BoAt parent company, Imagine Marketing, said on October 28 that it had received Rs 500 crore from its current stakeholder, South Lake Investment, a Malabar Investments, a recent investment, and a Warburg Pincus affiliate. The extra money will be put to use to increase the smartwatch product line, develop R&D and design expertise, extend the business across channels and regions, including outside of India, and support local manufacturing goals. The business first entered the smartwatch industry a few years ago.
Even though the majority of boAt goods were previously made in China, the firm is now attempting to diversify its production base and has formed a joint venture with Dixon. The company said that it has already moved a sizable portion of its production to India, where it now produces about a million devices every month.
“We are the second-largest player internationally in earwear and have established leadership in our core personal audio segment. Being one of the top brands in the world with a brand that was created in India is a source of tremendous pride. “We now want to make smart watches our second core and will rebuild the boAt digital strategy to become global leaders in this sector as well,” said Aman Gupta, co-founder and chief marketing officer of boAt.
“The additional capital will enable us to dramatically increase our investments to disrupt the smartwatch markets with more cutting-edge technologies. We are also delighted that investors remain firmly convinced of and confident in the boat narrative. The business had submitted its draft papers to the Securities Exchange Board of India (Sebi) earlier this year for an Rs 2,000 crore initial public offering (IPO). However, the business has publicly abandoned its intentions to list.
An individual said that the company deliberately withdrew their DRHP since it was allowed to collect Rs 180 crore before the IPO but ended up rising more than Rs 500 crore of shares. This information was provided to an online media site for entrepreneurs, startups, and technology enthusiasts. In the upcoming 12 to 18 months, the corporation is probably going to reevaluate its IPO intentions. We are quite optimistic about smartwatches’ potential.
The majority of companies lack control over the end-to-end stack necessary to provide customers with attractive features because the market is still in its early phases of evolution.
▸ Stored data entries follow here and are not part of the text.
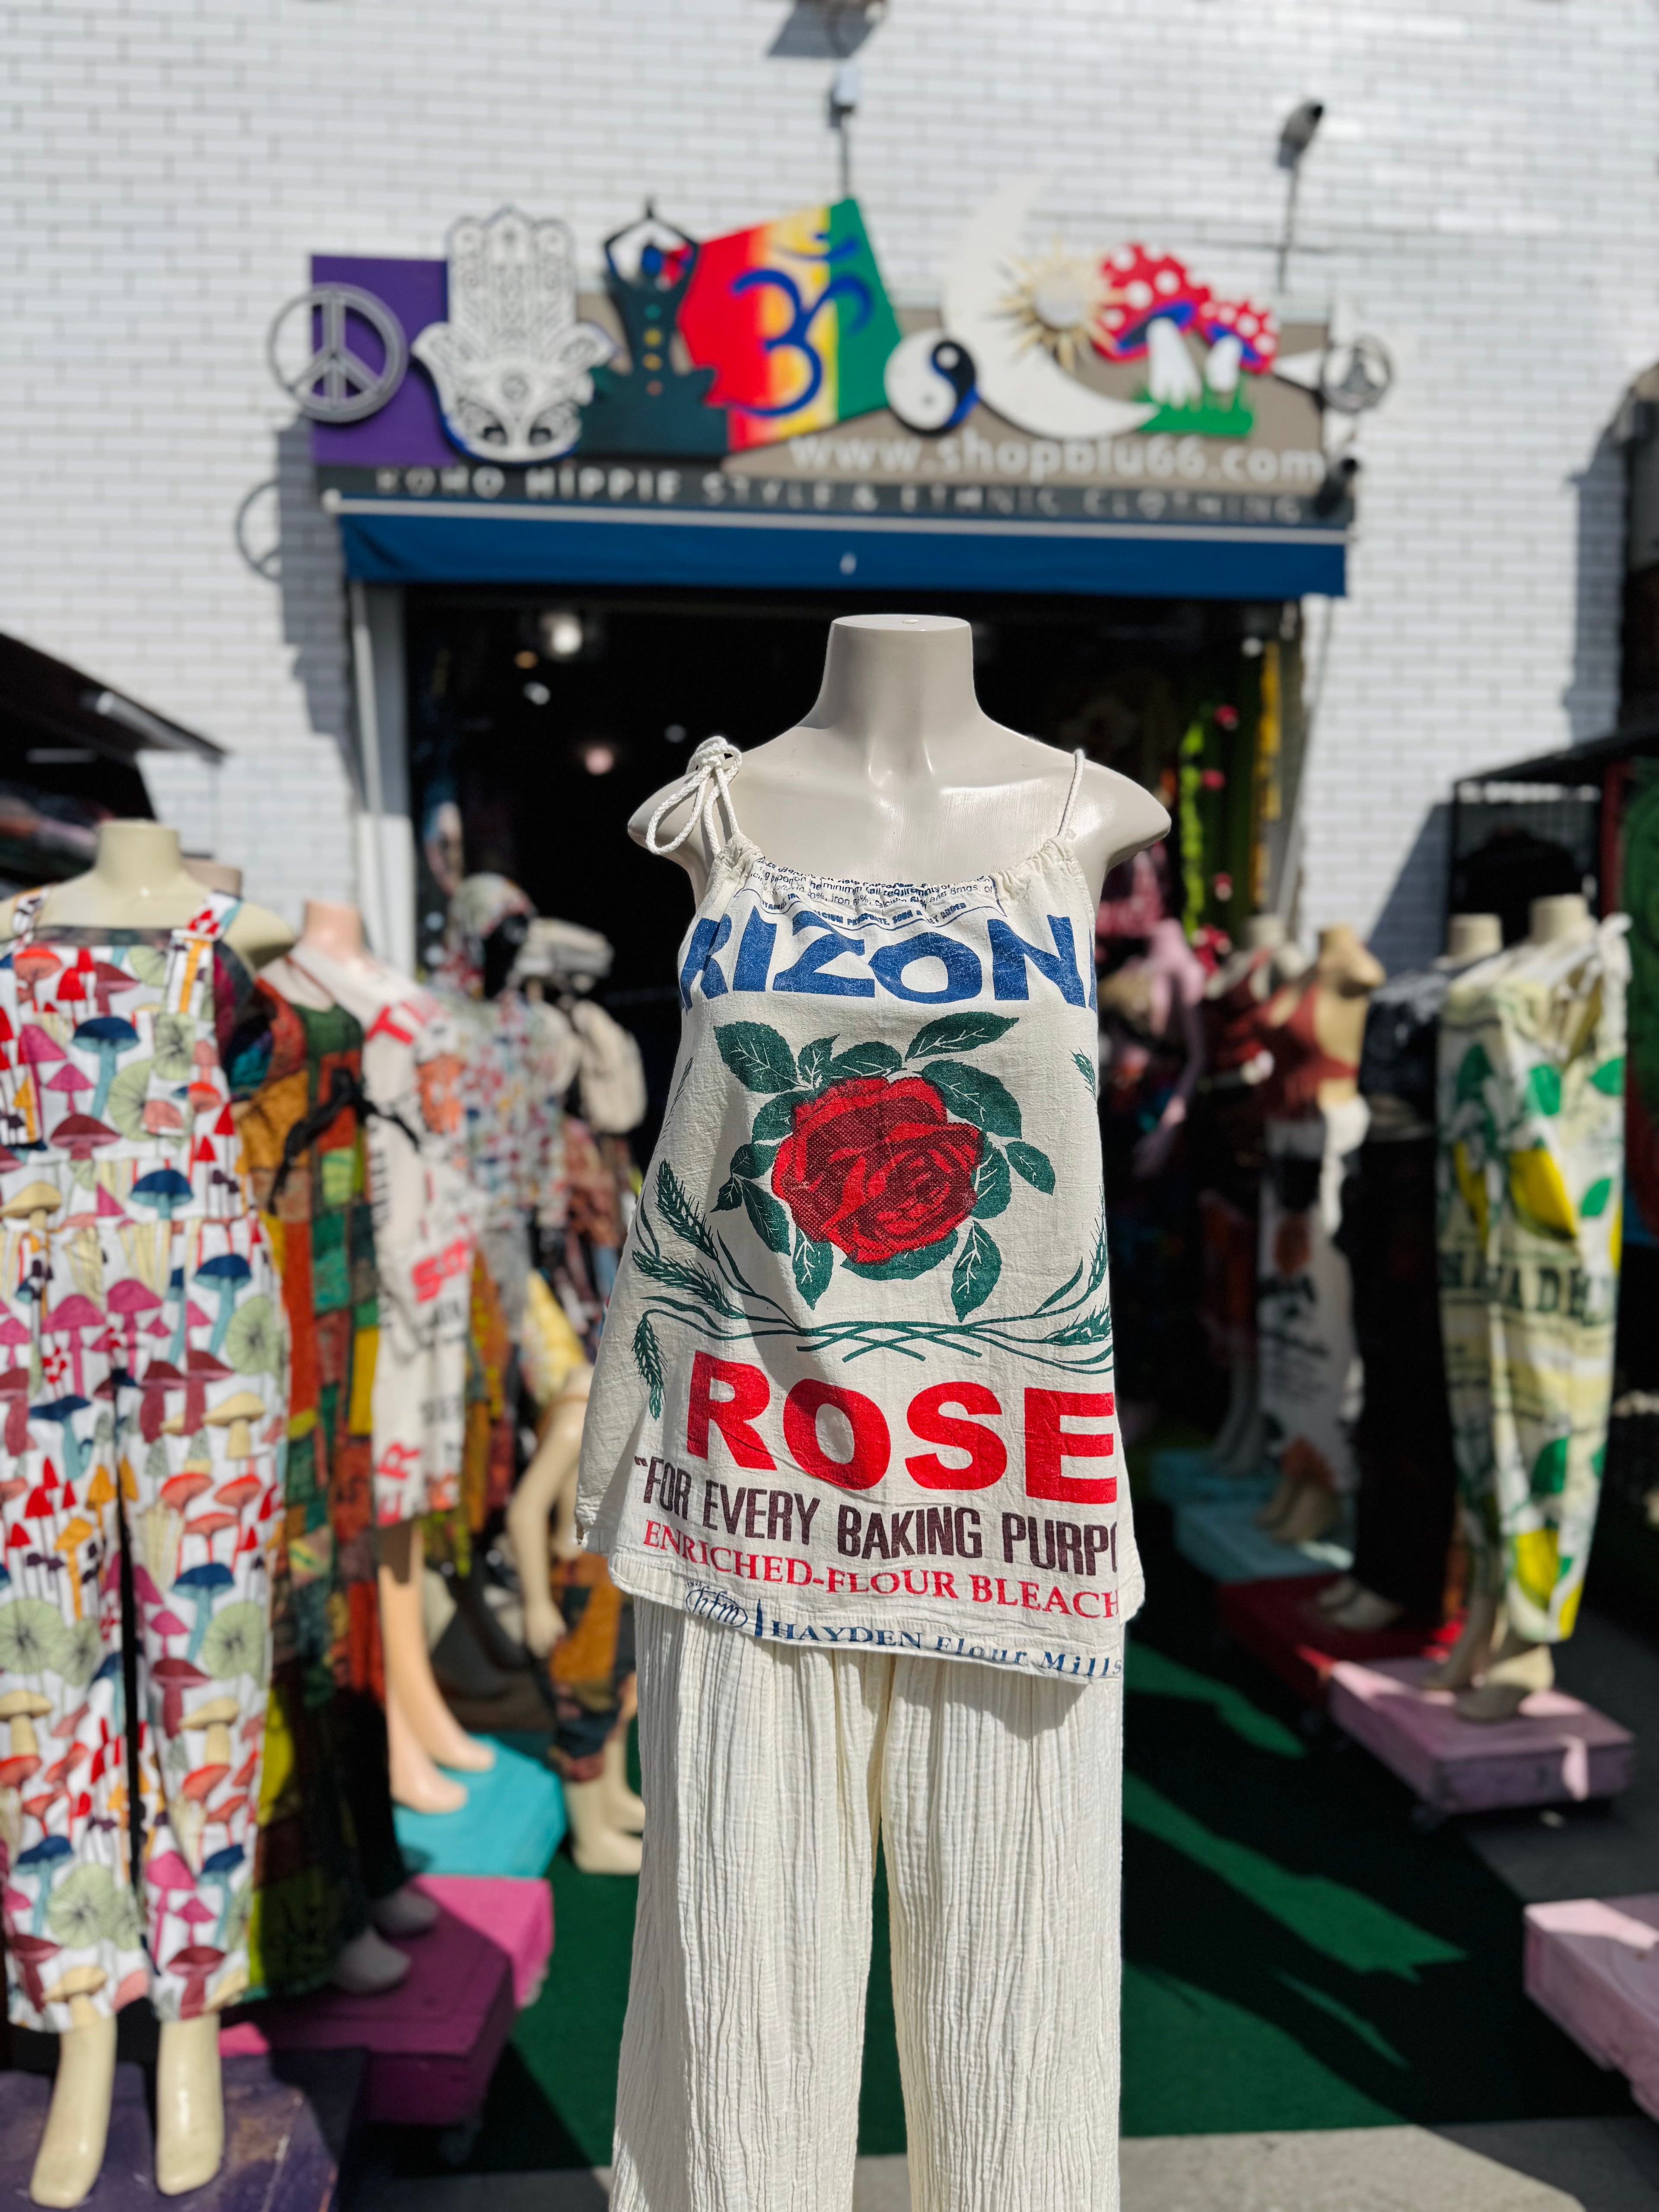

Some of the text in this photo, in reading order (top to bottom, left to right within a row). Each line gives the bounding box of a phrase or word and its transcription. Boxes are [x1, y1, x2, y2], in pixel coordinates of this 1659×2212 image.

[524, 467, 682, 504] HIPPIE
[832, 894, 850, 906] iron
[680, 905, 1098, 1015] RIZON
[686, 1349, 1118, 1504] ROSE
[702, 1479, 821, 1545] EVERY
[837, 1503, 983, 1559] BAKING
[969, 1573, 1119, 1618] BLEACH
[770, 1620, 924, 1649] HAYDEN
[934, 1635, 1028, 1665] Flour
[1040, 1650, 1122, 1677] Mills
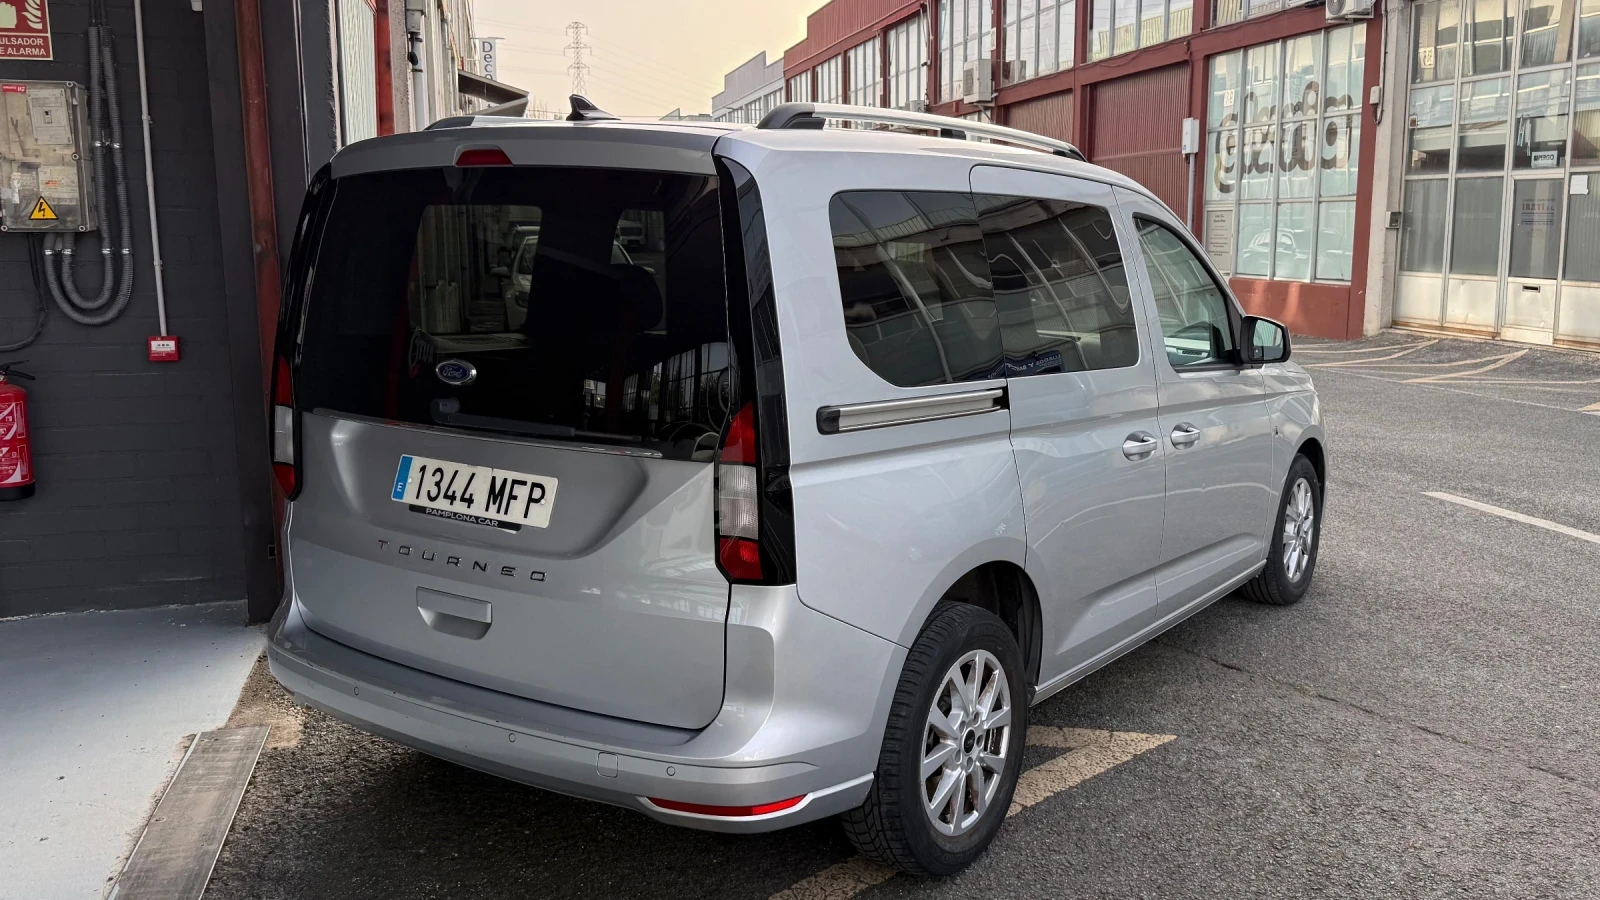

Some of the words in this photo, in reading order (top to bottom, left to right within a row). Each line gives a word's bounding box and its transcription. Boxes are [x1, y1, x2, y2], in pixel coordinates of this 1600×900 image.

[7, 47, 46, 55] ALARMA
[396, 482, 404, 492] E
[415, 464, 476, 509] 1344
[485, 475, 546, 519] MFP
[425, 507, 477, 524] PAMPLONA
[478, 517, 499, 527] CAR
[377, 539, 548, 582] TOURNEO
Great potential exists to develop the market and provide more innovative and cutting-edge solutions, according to Sameer Mehta, co-founder and chief product officer of boAt.
The next generation of devices is being developed by Boat Laboratories, our 120-person internal R&D team, and KaHa Technologies, a world-class IoT and wearables platform with 64 pending and granted patents. These gadgets will give users more in-depth wellness information and extensive features, said Mehta, enabling them to live healthier and more fulfilling lives.
BoAt recorded net revenue of almost Rs 3,000 crore as of the fiscal year that ended on March 30, 2022, increasing by over 100% YoY. The company is also successful.
The IPO of wireless headphone giant BoAT has been canceled.
Indian firms account for more than 70% of shipments of the item in the nation, which is the third largest market for truly wireless earbuds in the world. BoAT, which also goes by the names PTron and Noise, dominates the Indian TWS market with a 46% share of the expanding market. The BOAT had investors’ ears when it launched its Initial Public Offering after connecting with customers, but share purchasers could have to wait longer.
The BOAT was planning to generate Rs 2000 crore this year when it made its stock market debut, but it has now canceled the sale of shares. Due to market volatility and the fact that BoAT had acquired Rs 500 crore from private investors, it was decided to postpone the matter. BoAT’s most recent round of fundraising also included contributions from a new investor, Malabar Investments, as well as its current lender, Warburg Pincus.
According to reports, whenever BoAT moves through with an IPO, Malabar and Warburg Pincus would be able to convert preferred stocks into equity for $1.2 billion under the conditions of this injection. According to BoAT’s CEO, Vivek Gambhir, they’ll enter the public market when circumstances are more favorable for expansion.
It’s not the first time a firm has chosen to forego an IPO in favor of private funding. Previously, Snapdeal also delayed their stock offerings for several months, while PharmEasy and Droom are two more businesses that postponed their initial public offerings. Aside from turbulent markets, the fact that five of the ten worst IPOs last year were software firms reflects a bad attitude among investors.
The concern is raised by the fact that those businesses that have been listed are trading at much lower prices while 23 Indian startups are still awaiting their market debuts in upcoming quarters.
As the market remains harsh, startup IPO plans are in disarray.
We were astounded by how optimistic some of these firms were during a period in 2021 when Indian entrepreneurs submitted draft red herring prospectuses for possible initial public offerings (IPO) so often.
A surge of confidence was sparked by the Zomato IPO, the much-anticipated Paytm listing, and Nykaa’s successful launch. That DRHP hysteria now seems almost unreal looking back. Even if the markets have turned negative for the listed startups, the list of halted or postponed IPOs is becoming longer by the week. There are worries that the bloodshed may worsen now that Nykaa, Paytm, and Policybazaar’s lock-in periods are about to end. Additionally, the European warlike atmosphere has made the foreign investment position more difficult. In 2022, the startup IPO parade officially comes to an end.